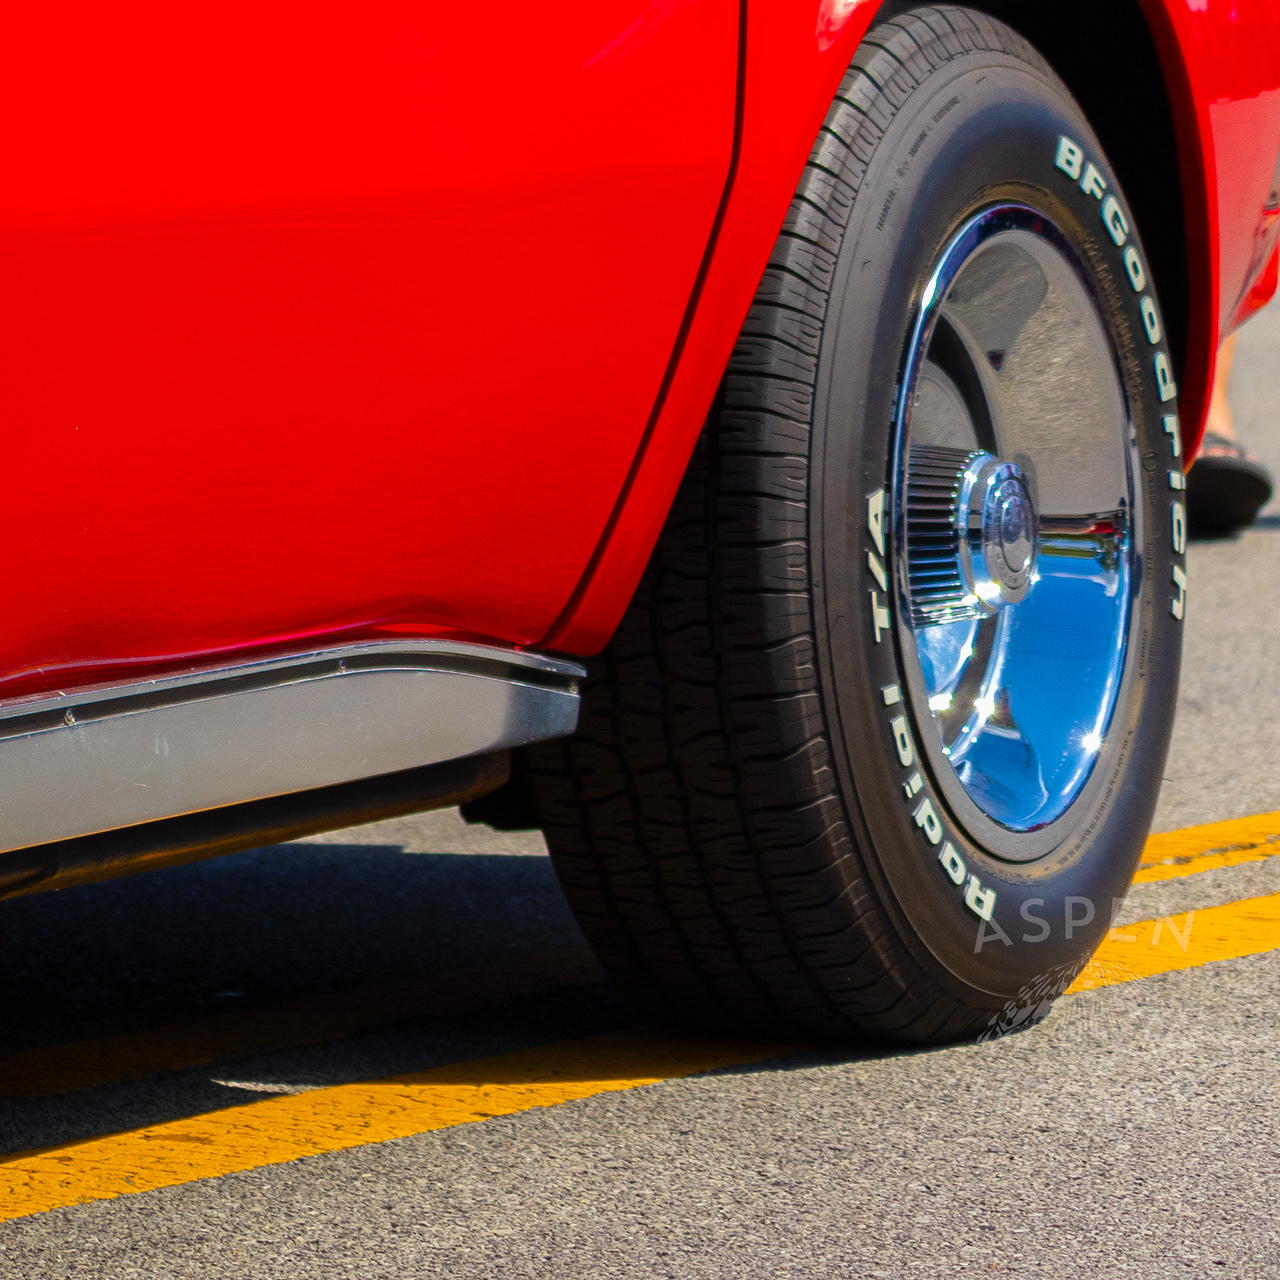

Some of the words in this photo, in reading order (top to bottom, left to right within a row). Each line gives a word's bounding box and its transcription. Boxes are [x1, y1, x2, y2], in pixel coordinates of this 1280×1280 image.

[1054, 134, 1187, 621] BFGoodrich
[867, 488, 891, 644] T/A
[881, 683, 997, 923] Radial
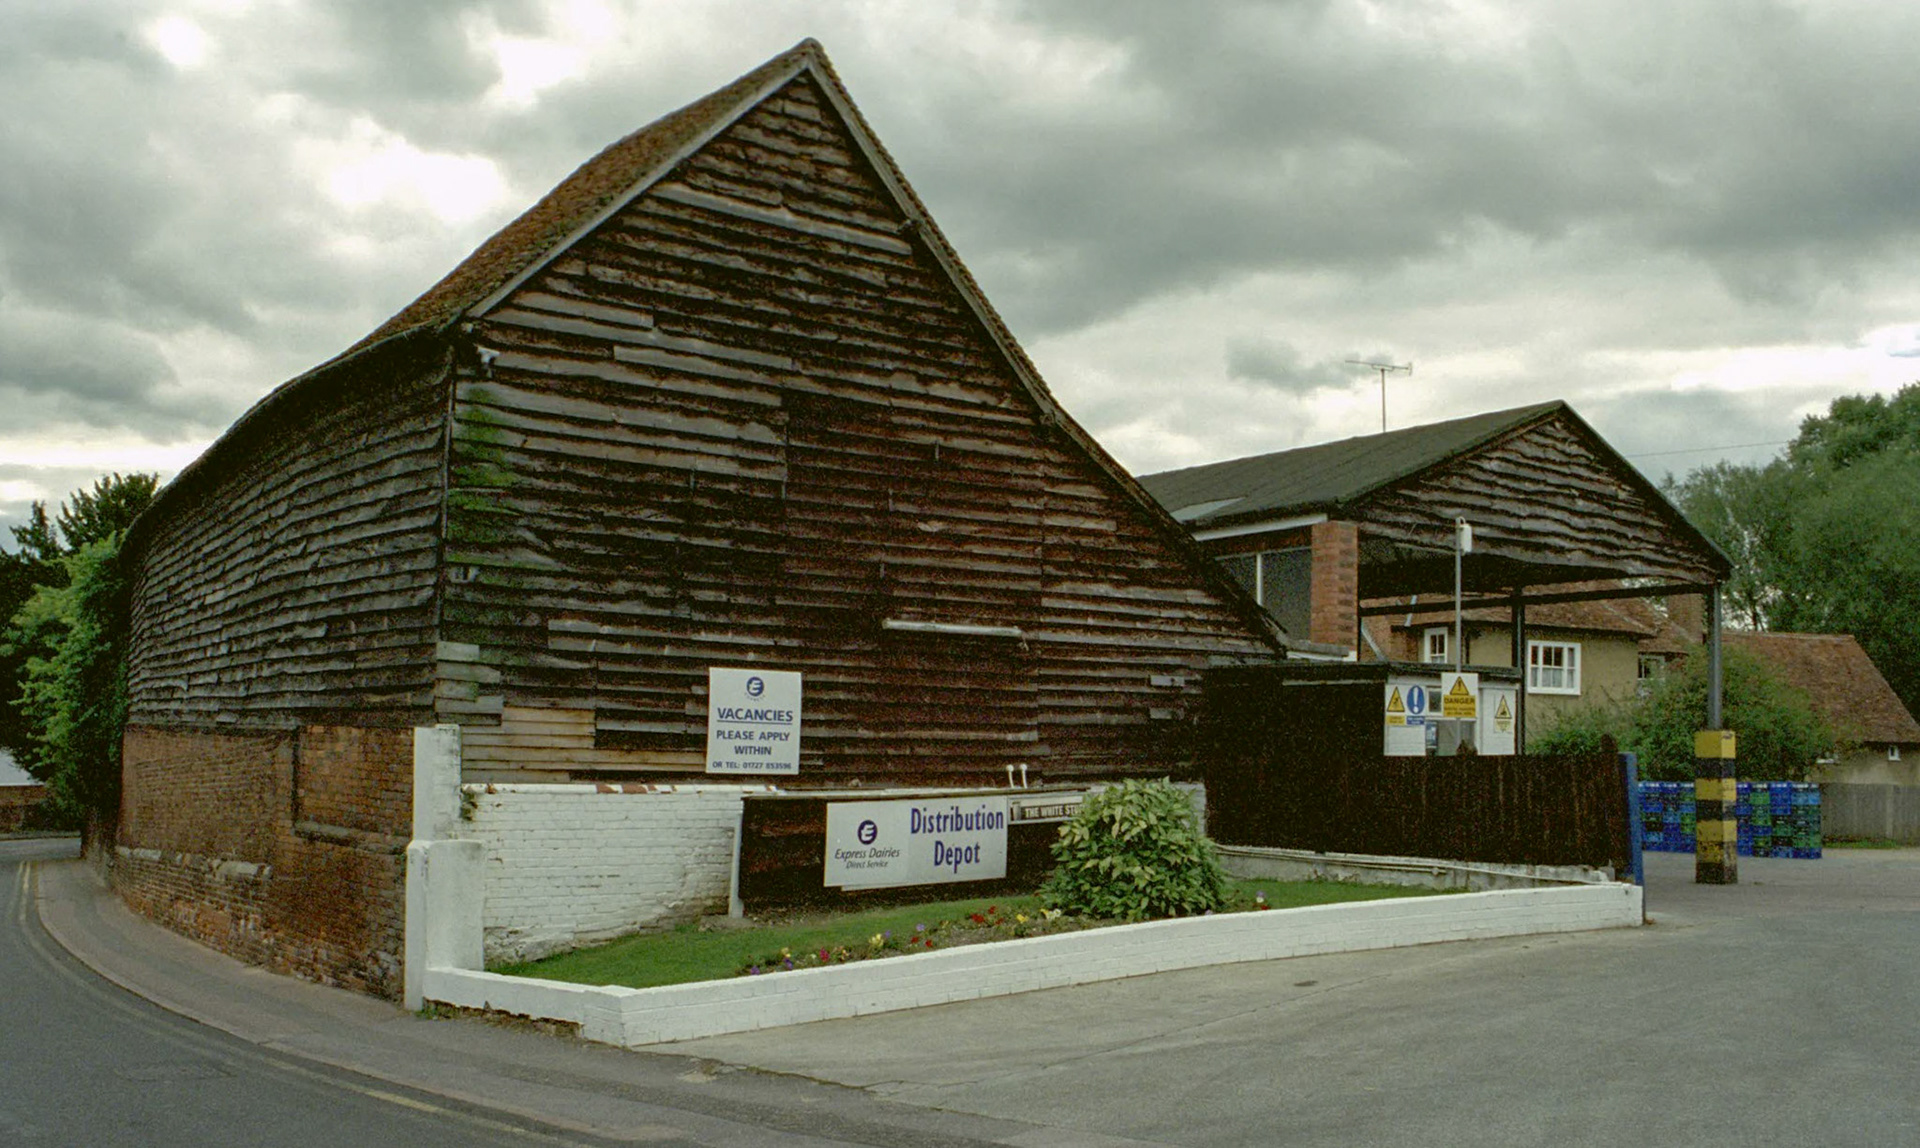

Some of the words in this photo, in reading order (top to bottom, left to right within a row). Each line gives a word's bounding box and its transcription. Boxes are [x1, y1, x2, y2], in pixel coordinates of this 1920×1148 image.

[1443, 697, 1475, 705] DANGER
[717, 707, 793, 722] VACANCIES
[716, 730, 754, 740] PLEASE
[759, 731, 790, 741] APPLY
[734, 745, 772, 755] WITHIN
[726, 761, 740, 769] TEL:
[1025, 807, 1040, 819] THE
[1041, 805, 1064, 818] WHITE
[911, 804, 1004, 834] Distribution
[834, 848, 867, 861] Express
[868, 847, 900, 858] Dairies
[934, 840, 981, 874] Depot
[845, 860, 866, 869] Direct
[866, 860, 889, 868] Service
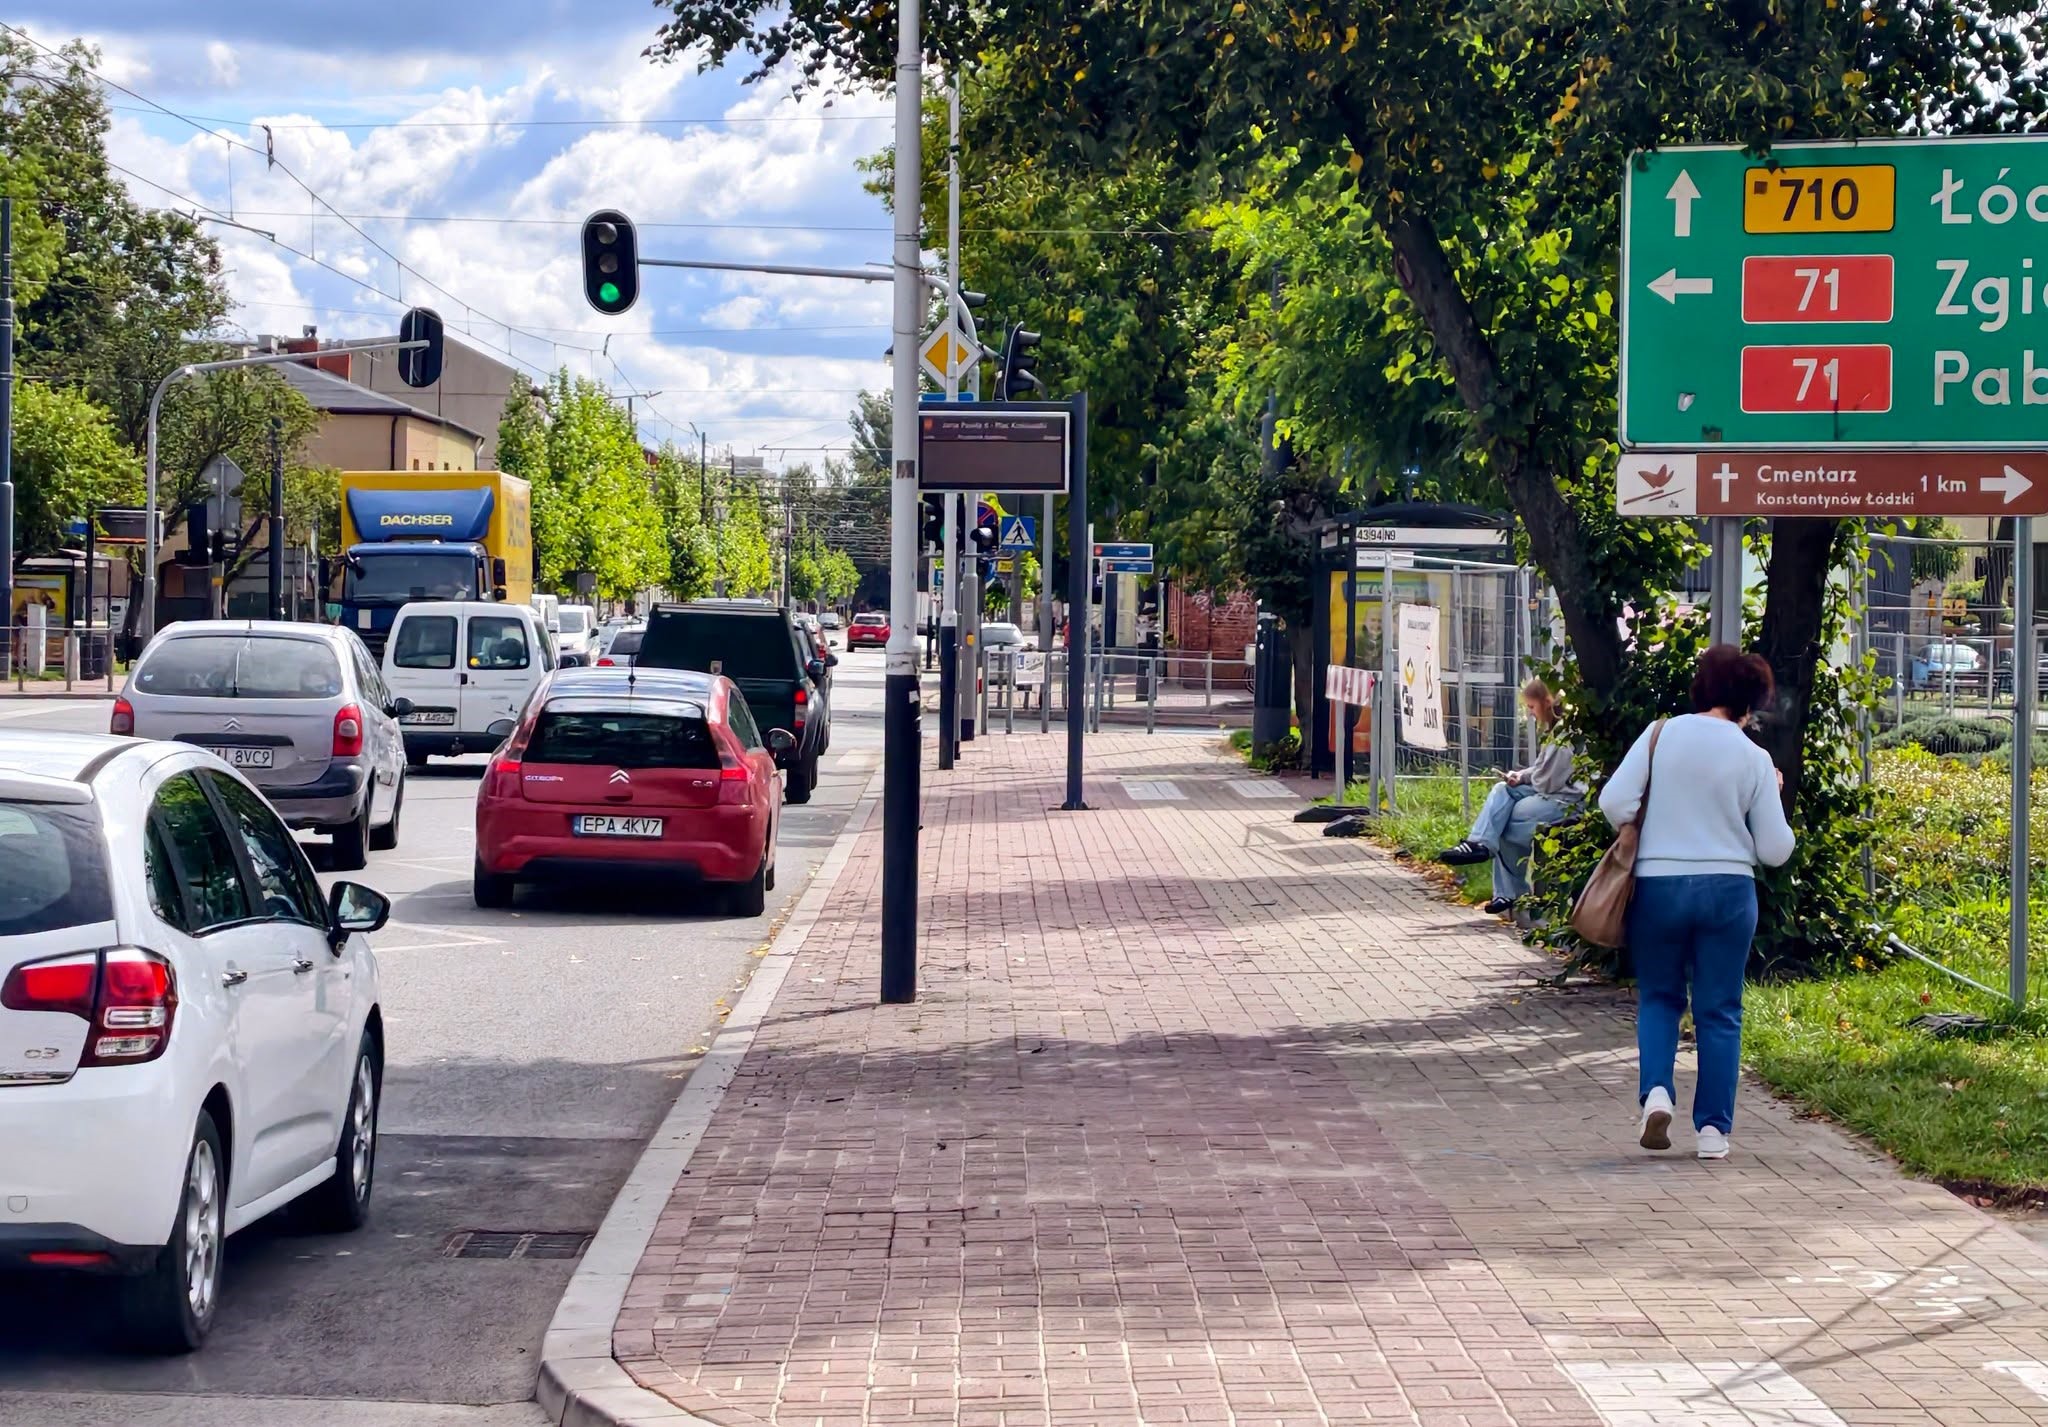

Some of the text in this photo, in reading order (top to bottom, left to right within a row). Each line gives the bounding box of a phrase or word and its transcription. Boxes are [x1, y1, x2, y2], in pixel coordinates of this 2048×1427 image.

==================================================

§ **Task directions**
Pictures aside, reproduce all of the material above without alteration.

§ **Task answer**
Some of the words in this photo, in reading order (top to bottom, left to right within a row). Each line gives a word's bounding box and its transcription. Boxes are [x1, y1, x2, y2], in pixel coordinates of this 1280×1280 image.

[1054, 134, 1187, 621] BFGoodrich
[867, 488, 891, 644] T/A
[881, 683, 997, 923] Radial

Some of the words in this photo, in reading order (top to bottom, left to right within a row). Each line gives a word's bounding box and its transcription. Boxes are [x1, y1, x2, y2], in pixel coordinates of this 1920×1148 image.

[1443, 697, 1475, 705] DANGER
[717, 707, 793, 722] VACANCIES
[716, 730, 754, 740] PLEASE
[759, 731, 790, 741] APPLY
[734, 745, 772, 755] WITHIN
[726, 761, 740, 769] TEL:
[1025, 807, 1040, 819] THE
[1041, 805, 1064, 818] WHITE
[911, 804, 1004, 834] Distribution
[834, 848, 867, 861] Express
[868, 847, 900, 858] Dairies
[934, 840, 981, 874] Depot
[845, 860, 866, 869] Direct
[866, 860, 889, 868] Service

Some of the text in this photo, in reading order (top to bottom, left to right within a row). Each line gives the bounding box of a phrase or word and its transcription. Boxes are [x1, y1, x2, y2], in pixel coordinates of this 2048×1427 image.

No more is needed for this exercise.